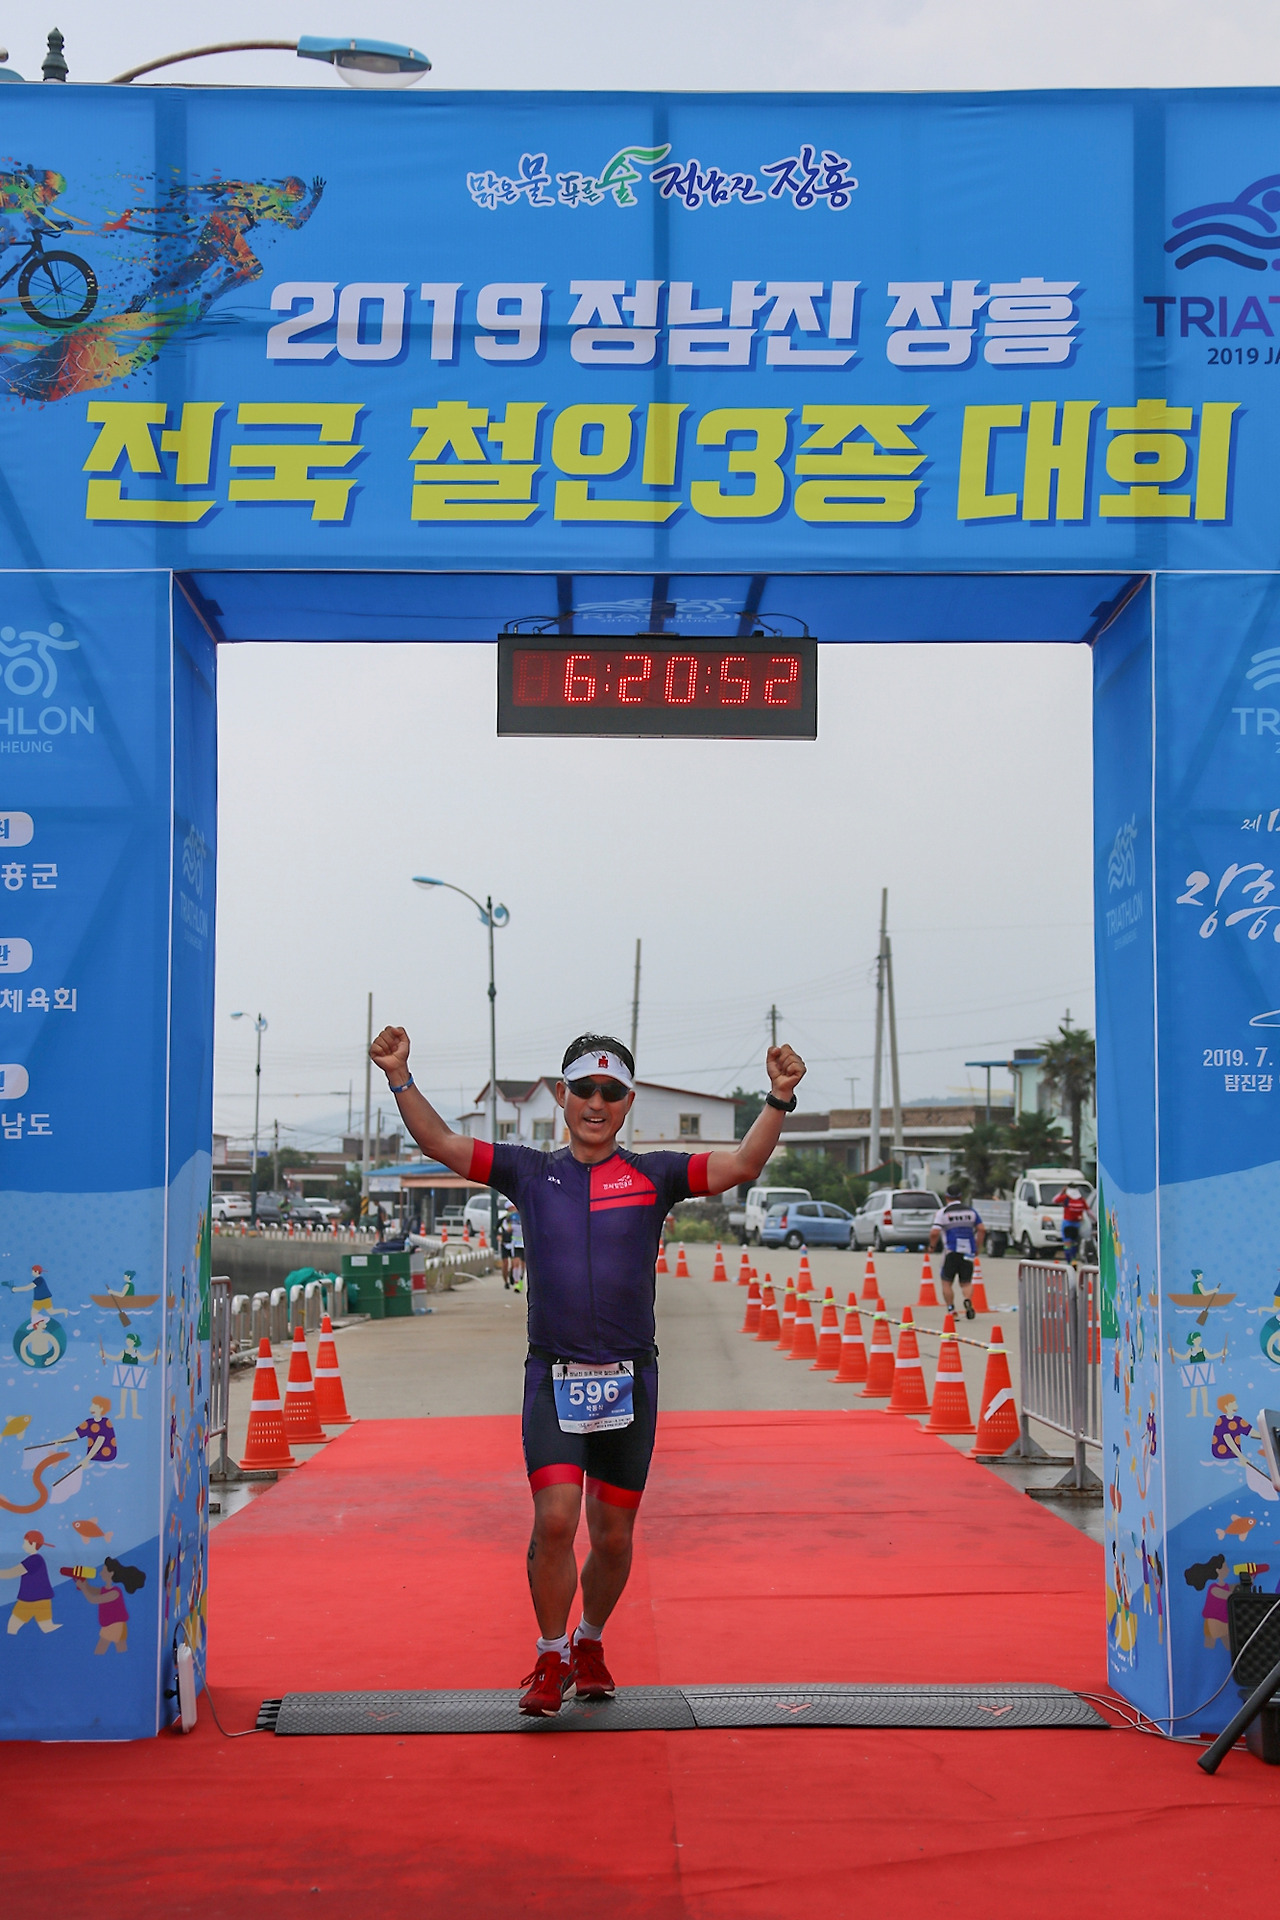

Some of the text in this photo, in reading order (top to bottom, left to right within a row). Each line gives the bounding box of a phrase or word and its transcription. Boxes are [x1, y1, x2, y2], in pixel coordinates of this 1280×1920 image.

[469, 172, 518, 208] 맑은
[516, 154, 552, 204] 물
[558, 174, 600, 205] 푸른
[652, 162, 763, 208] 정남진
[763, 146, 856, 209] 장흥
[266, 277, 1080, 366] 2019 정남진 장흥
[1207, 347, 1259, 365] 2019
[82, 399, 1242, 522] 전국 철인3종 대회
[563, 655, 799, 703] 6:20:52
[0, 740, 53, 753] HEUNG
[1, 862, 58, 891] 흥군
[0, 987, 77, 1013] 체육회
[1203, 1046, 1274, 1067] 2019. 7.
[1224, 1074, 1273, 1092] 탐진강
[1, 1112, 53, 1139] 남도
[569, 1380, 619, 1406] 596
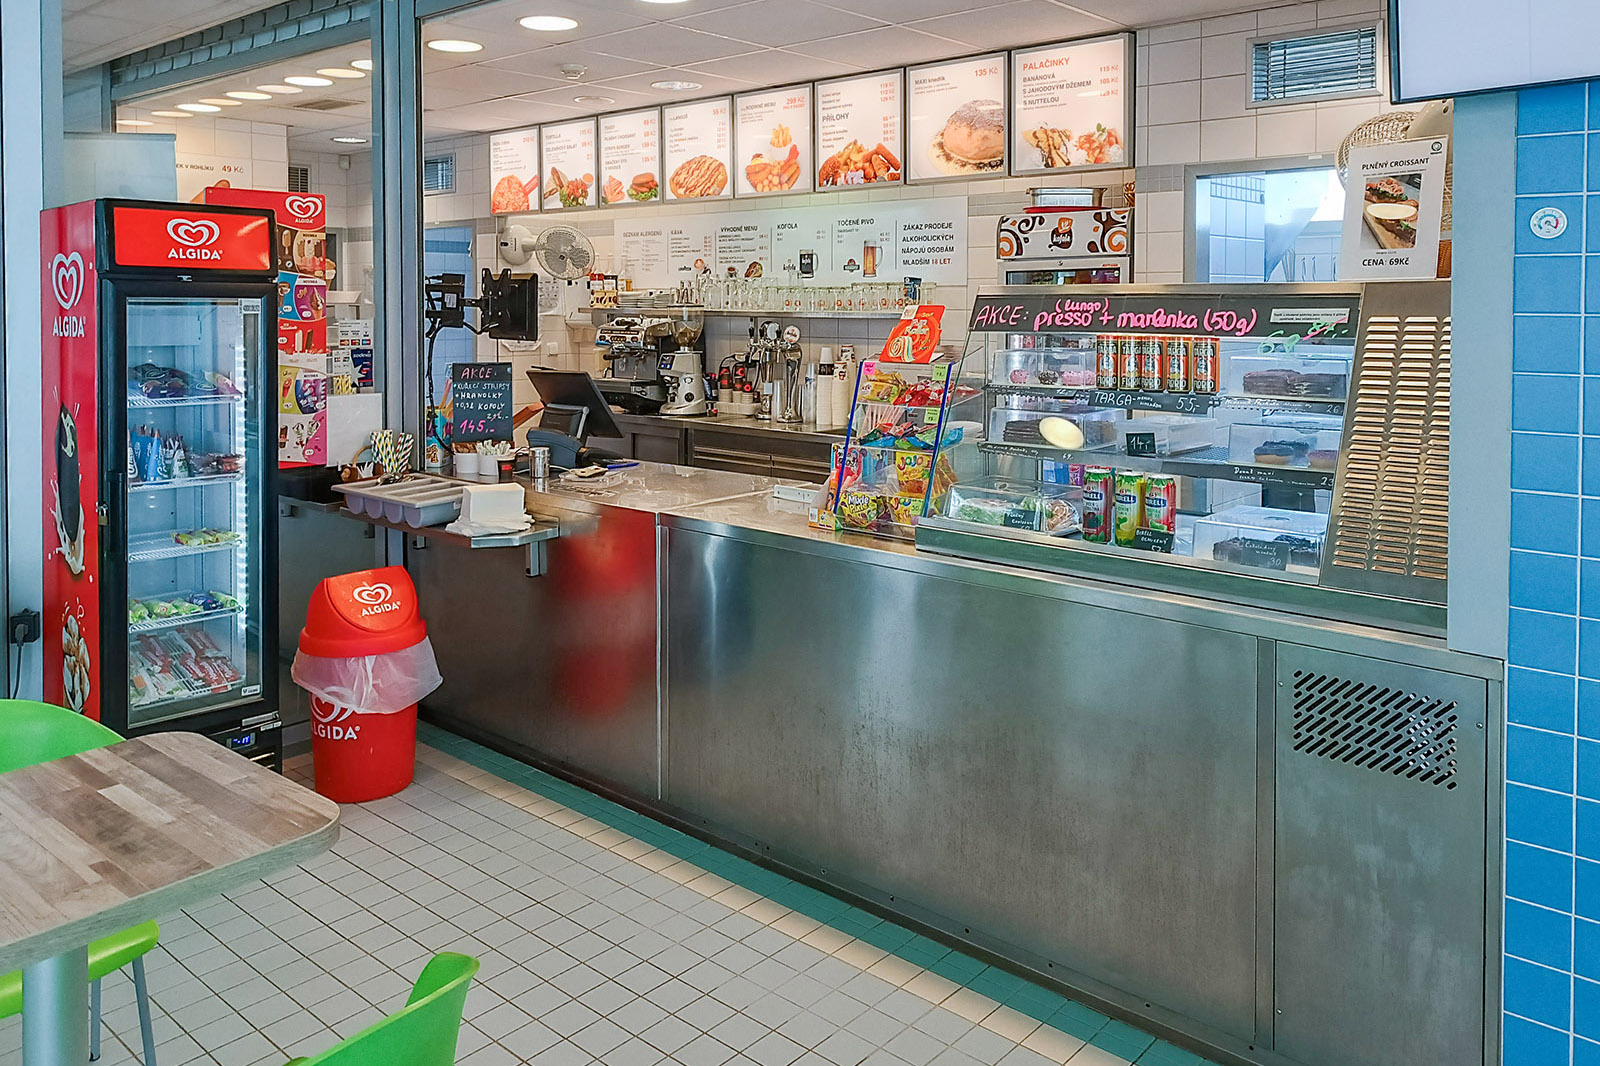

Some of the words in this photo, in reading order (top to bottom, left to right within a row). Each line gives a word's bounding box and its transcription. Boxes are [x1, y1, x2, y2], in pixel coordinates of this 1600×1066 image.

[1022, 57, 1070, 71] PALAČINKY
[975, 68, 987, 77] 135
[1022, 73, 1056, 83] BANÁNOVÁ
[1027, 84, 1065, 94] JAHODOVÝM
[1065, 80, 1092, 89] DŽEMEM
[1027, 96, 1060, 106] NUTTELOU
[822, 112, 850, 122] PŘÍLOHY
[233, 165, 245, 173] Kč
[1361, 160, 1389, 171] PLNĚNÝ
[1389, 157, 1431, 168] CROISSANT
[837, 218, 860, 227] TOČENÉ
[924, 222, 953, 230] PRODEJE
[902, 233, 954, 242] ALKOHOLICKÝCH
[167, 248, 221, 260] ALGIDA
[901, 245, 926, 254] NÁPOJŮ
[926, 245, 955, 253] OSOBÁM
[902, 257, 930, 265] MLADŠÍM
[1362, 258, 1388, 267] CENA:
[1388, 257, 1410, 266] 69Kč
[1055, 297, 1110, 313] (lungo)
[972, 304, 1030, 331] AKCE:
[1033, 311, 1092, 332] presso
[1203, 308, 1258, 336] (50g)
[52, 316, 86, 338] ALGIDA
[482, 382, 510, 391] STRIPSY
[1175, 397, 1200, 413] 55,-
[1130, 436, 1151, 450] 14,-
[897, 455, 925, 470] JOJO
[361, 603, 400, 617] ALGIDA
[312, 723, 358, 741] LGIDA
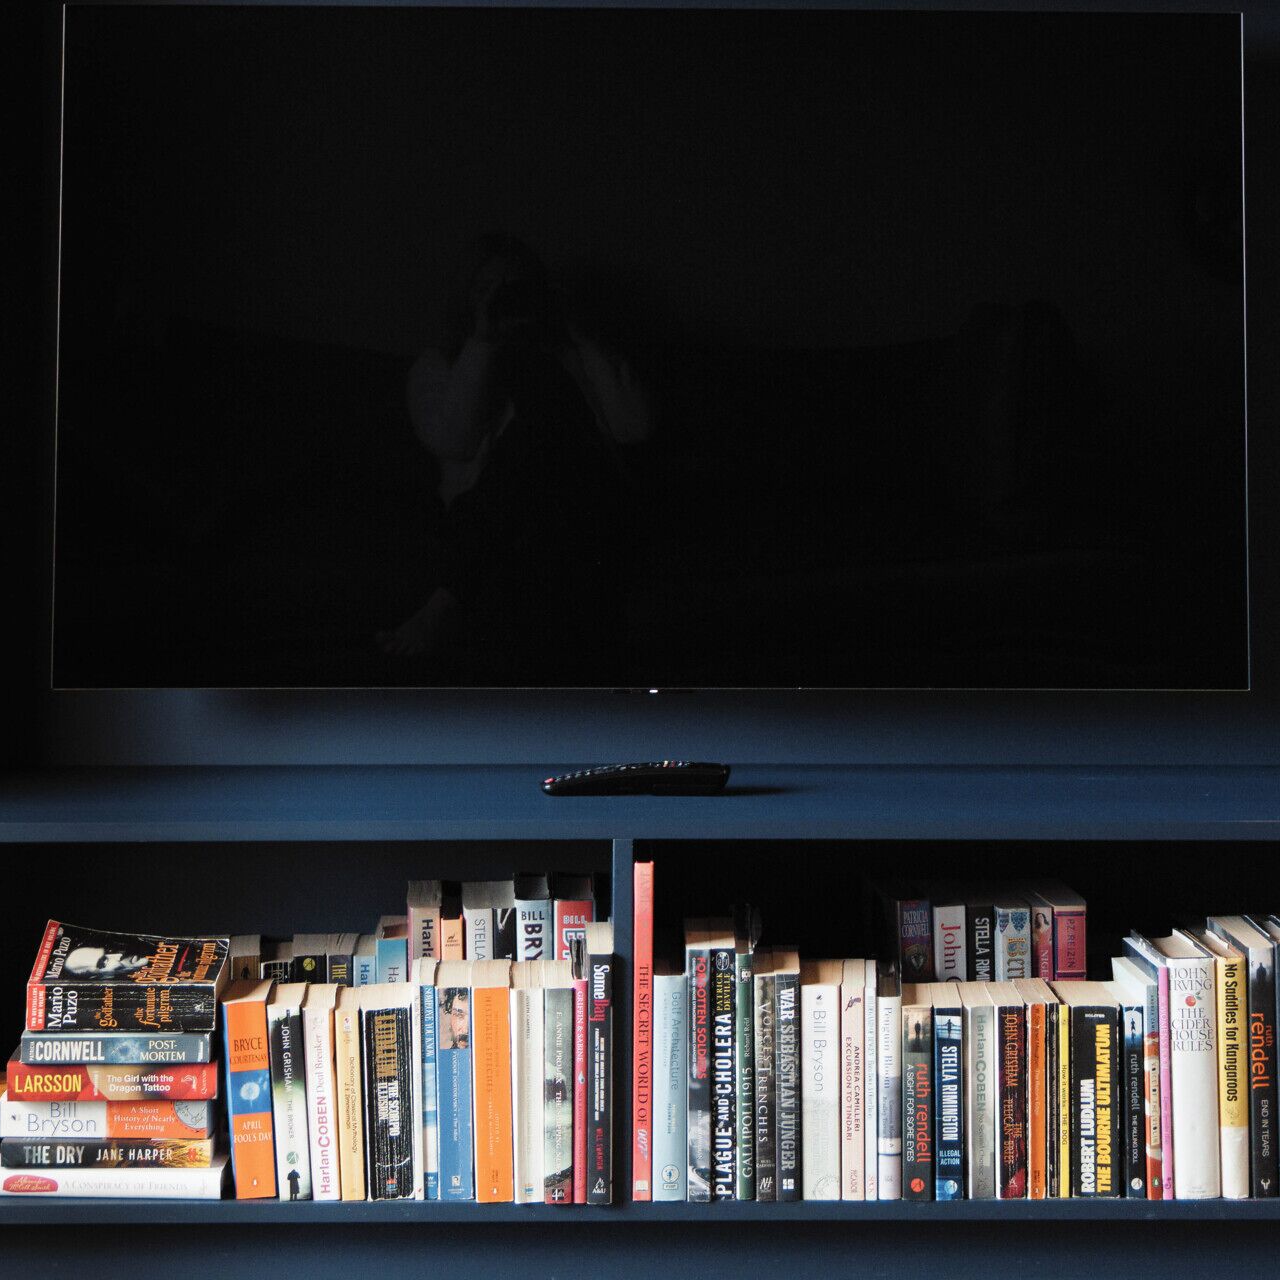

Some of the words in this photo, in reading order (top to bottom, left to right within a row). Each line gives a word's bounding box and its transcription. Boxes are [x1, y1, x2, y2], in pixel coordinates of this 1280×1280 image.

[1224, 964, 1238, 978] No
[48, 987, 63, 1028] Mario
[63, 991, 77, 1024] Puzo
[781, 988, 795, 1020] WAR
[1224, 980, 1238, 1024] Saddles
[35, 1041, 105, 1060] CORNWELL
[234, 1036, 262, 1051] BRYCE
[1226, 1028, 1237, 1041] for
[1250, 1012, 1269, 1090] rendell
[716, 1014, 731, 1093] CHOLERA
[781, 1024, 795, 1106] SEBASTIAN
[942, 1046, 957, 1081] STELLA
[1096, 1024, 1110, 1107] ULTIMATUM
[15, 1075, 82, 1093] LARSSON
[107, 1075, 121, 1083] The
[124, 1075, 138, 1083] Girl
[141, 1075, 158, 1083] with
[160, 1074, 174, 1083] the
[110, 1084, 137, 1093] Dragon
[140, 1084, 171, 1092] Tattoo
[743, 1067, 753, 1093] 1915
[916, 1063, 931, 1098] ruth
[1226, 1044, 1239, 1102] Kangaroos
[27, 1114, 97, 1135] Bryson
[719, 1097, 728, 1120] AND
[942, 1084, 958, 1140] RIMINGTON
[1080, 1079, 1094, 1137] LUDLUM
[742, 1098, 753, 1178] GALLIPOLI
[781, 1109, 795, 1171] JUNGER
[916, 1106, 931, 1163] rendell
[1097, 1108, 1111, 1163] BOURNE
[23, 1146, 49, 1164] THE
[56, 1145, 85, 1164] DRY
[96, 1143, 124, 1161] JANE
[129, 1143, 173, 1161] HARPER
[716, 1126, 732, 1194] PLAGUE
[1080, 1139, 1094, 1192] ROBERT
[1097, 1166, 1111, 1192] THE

(PROBLEM DETAILS):
Leaving every picture aside, repeat the listing exactly.

(WRITTEN RESPONSE):
Some of the text in this photo, in reading order (top to bottom, left to right within a row). Each line gives the bounding box of a phrase or word and its transcription. Boxes are [x1, y1, x2, y2], in pixel coordinates of this 1280×1920 image.

[469, 172, 518, 208] 맑은
[516, 154, 552, 204] 물
[558, 174, 600, 205] 푸른
[652, 162, 763, 208] 정남진
[763, 146, 856, 209] 장흥
[266, 277, 1080, 366] 2019 정남진 장흥
[1207, 347, 1259, 365] 2019
[82, 399, 1242, 522] 전국 철인3종 대회
[563, 655, 799, 703] 6:20:52
[0, 740, 53, 753] HEUNG
[1, 862, 58, 891] 흥군
[0, 987, 77, 1013] 체육회
[1203, 1046, 1274, 1067] 2019. 7.
[1224, 1074, 1273, 1092] 탐진강
[1, 1112, 53, 1139] 남도
[569, 1380, 619, 1406] 596

Some of the words in this photo, in reading order (top to bottom, left to right within a row). Each line gives a word's bounding box and its transcription. Boxes are [x1, y1, x2, y2], in pixel coordinates of this 1600×1066 image.

[1022, 57, 1070, 71] PALAČINKY
[975, 68, 987, 77] 135
[1022, 73, 1056, 83] BANÁNOVÁ
[1027, 84, 1065, 94] JAHODOVÝM
[1065, 80, 1092, 89] DŽEMEM
[1027, 96, 1060, 106] NUTTELOU
[822, 112, 850, 122] PŘÍLOHY
[233, 165, 245, 173] Kč
[1361, 160, 1389, 171] PLNĚNÝ
[1389, 157, 1431, 168] CROISSANT
[837, 218, 860, 227] TOČENÉ
[924, 222, 953, 230] PRODEJE
[902, 233, 954, 242] ALKOHOLICKÝCH
[167, 248, 221, 260] ALGIDA
[901, 245, 926, 254] NÁPOJŮ
[926, 245, 955, 253] OSOBÁM
[902, 257, 930, 265] MLADŠÍM
[1362, 258, 1388, 267] CENA:
[1388, 257, 1410, 266] 69Kč
[1055, 297, 1110, 313] (lungo)
[972, 304, 1030, 331] AKCE:
[1033, 311, 1092, 332] presso
[1203, 308, 1258, 336] (50g)
[52, 316, 86, 338] ALGIDA
[482, 382, 510, 391] STRIPSY
[1175, 397, 1200, 413] 55,-
[1130, 436, 1151, 450] 14,-
[897, 455, 925, 470] JOJO
[361, 603, 400, 617] ALGIDA
[312, 723, 358, 741] LGIDA

Some of the words in this photo, in reading order (top to bottom, left to right within a row). Each line gives a word's bounding box and its transcription. Boxes are [x1, y1, x2, y2], in pixel coordinates of this 1280×1280 image.

[1224, 964, 1238, 978] No
[48, 987, 63, 1028] Mario
[63, 991, 77, 1024] Puzo
[781, 988, 795, 1020] WAR
[1224, 980, 1238, 1024] Saddles
[35, 1041, 105, 1060] CORNWELL
[234, 1036, 262, 1051] BRYCE
[1226, 1028, 1237, 1041] for
[1250, 1012, 1269, 1090] rendell
[716, 1014, 731, 1093] CHOLERA
[781, 1024, 795, 1106] SEBASTIAN
[942, 1046, 957, 1081] STELLA
[1096, 1024, 1110, 1107] ULTIMATUM
[15, 1075, 82, 1093] LARSSON
[107, 1075, 121, 1083] The
[124, 1075, 138, 1083] Girl
[141, 1075, 158, 1083] with
[160, 1074, 174, 1083] the
[110, 1084, 137, 1093] Dragon
[140, 1084, 171, 1092] Tattoo
[743, 1067, 753, 1093] 1915
[916, 1063, 931, 1098] ruth
[1226, 1044, 1239, 1102] Kangaroos
[27, 1114, 97, 1135] Bryson
[719, 1097, 728, 1120] AND
[942, 1084, 958, 1140] RIMINGTON
[1080, 1079, 1094, 1137] LUDLUM
[742, 1098, 753, 1178] GALLIPOLI
[781, 1109, 795, 1171] JUNGER
[916, 1106, 931, 1163] rendell
[1097, 1108, 1111, 1163] BOURNE
[23, 1146, 49, 1164] THE
[56, 1145, 85, 1164] DRY
[96, 1143, 124, 1161] JANE
[129, 1143, 173, 1161] HARPER
[716, 1126, 732, 1194] PLAGUE
[1080, 1139, 1094, 1192] ROBERT
[1097, 1166, 1111, 1192] THE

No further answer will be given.